Australia unveils $11-billion stimulus to ease virus downturn

Agence France-Presse
Australia unveils $11-billion stimulus to ease virus downturn


'This plan is about keeping Australians in jobs. This plan is about keeping a business in business,' says Australian Prime Minister Scott Morrison

SYDNEY, Australia – Australia on Thursday, March 12, unveiled a massive US$11-billion spending plan designed to curb the economic hit from the coronavirus pandemic and avert the country’s first recession in 29 years.

Prime Minister Scott Morrison announced the nearly Aus$18 billion package – equivalent to just under 1% of gross domestic product (GDP) – which will primarily be targeted at businesses.

“This plan is about keeping Australians in jobs. This plan is about keeping a business in business,” said Morrison. “This plan is about ensuring the Australian economy bounces back stronger on the other side of this.”

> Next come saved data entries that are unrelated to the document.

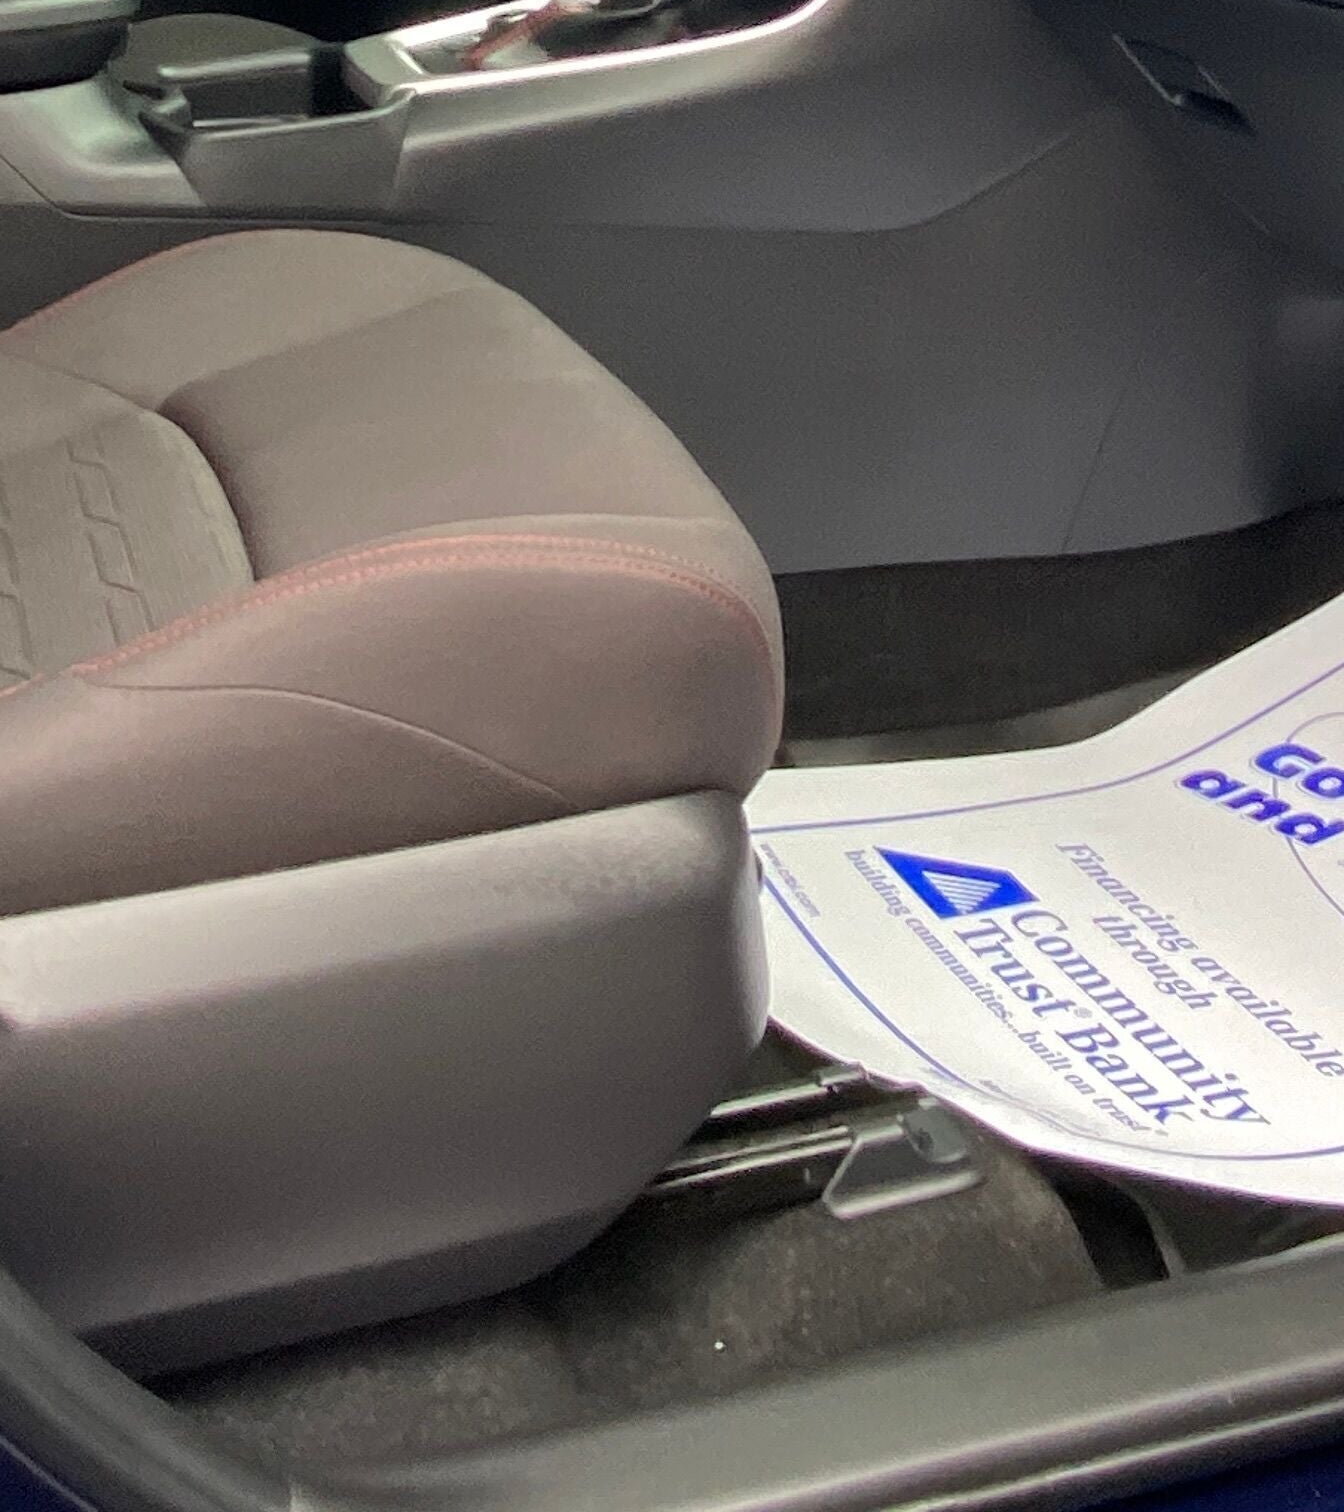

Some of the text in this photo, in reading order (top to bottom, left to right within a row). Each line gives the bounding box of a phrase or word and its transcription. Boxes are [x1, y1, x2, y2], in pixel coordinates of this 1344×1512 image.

[1055, 842, 1199, 953] Financing
[844, 848, 911, 918] building
[1063, 1073, 1096, 1096] on
[1010, 908, 1272, 1126] Community
[1092, 914, 1219, 1010] through
[1055, 1022, 1195, 1125] Bank

Much of the money is expected to be distributed by the end of June, the country’s treasurer said.

Australia has seen 136 confirmed cases of coronavirus, and 3 deaths. (READ: Tom Hanks and Rita Wilson test positive for coronavirus)

Morrison acknowledged the stimulus would mean he will not meet an election pledge to balance the country’s budget – a key plank of his conservative Liberal Party’s pitch to voters last year.

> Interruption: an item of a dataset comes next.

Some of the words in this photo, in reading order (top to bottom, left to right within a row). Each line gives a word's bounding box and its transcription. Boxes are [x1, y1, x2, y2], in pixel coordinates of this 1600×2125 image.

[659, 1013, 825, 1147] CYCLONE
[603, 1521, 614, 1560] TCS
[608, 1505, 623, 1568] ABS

Australia’s economy had already been limping before the coronavirus hit – with raging bushfires and drought slowing growth to a stall.

The central bank has repeatedly cut rates to historic lows while warning that the coronavirus outbreak could have “large and long-lasting” effects.

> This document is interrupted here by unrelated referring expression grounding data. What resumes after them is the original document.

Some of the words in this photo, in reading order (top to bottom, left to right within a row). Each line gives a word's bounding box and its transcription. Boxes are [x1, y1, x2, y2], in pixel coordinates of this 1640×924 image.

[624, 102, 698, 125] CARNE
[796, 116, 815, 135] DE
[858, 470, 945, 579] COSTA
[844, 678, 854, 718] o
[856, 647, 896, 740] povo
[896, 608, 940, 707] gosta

Morrison had on Wednesday, March 11, announced a separate $1.6-billion war chest to bolster medical services that are likely to come under intense strain as the virus spreads in the coming months.

Morrison later made a televised address to the country, seeking to reassure a nation rattled by panic buying and an avalanche of information that Australia was “well prepared and are well equipped” to deal with the crisis.

“The months ahead will present many challenges, and we will respond to them,” he said.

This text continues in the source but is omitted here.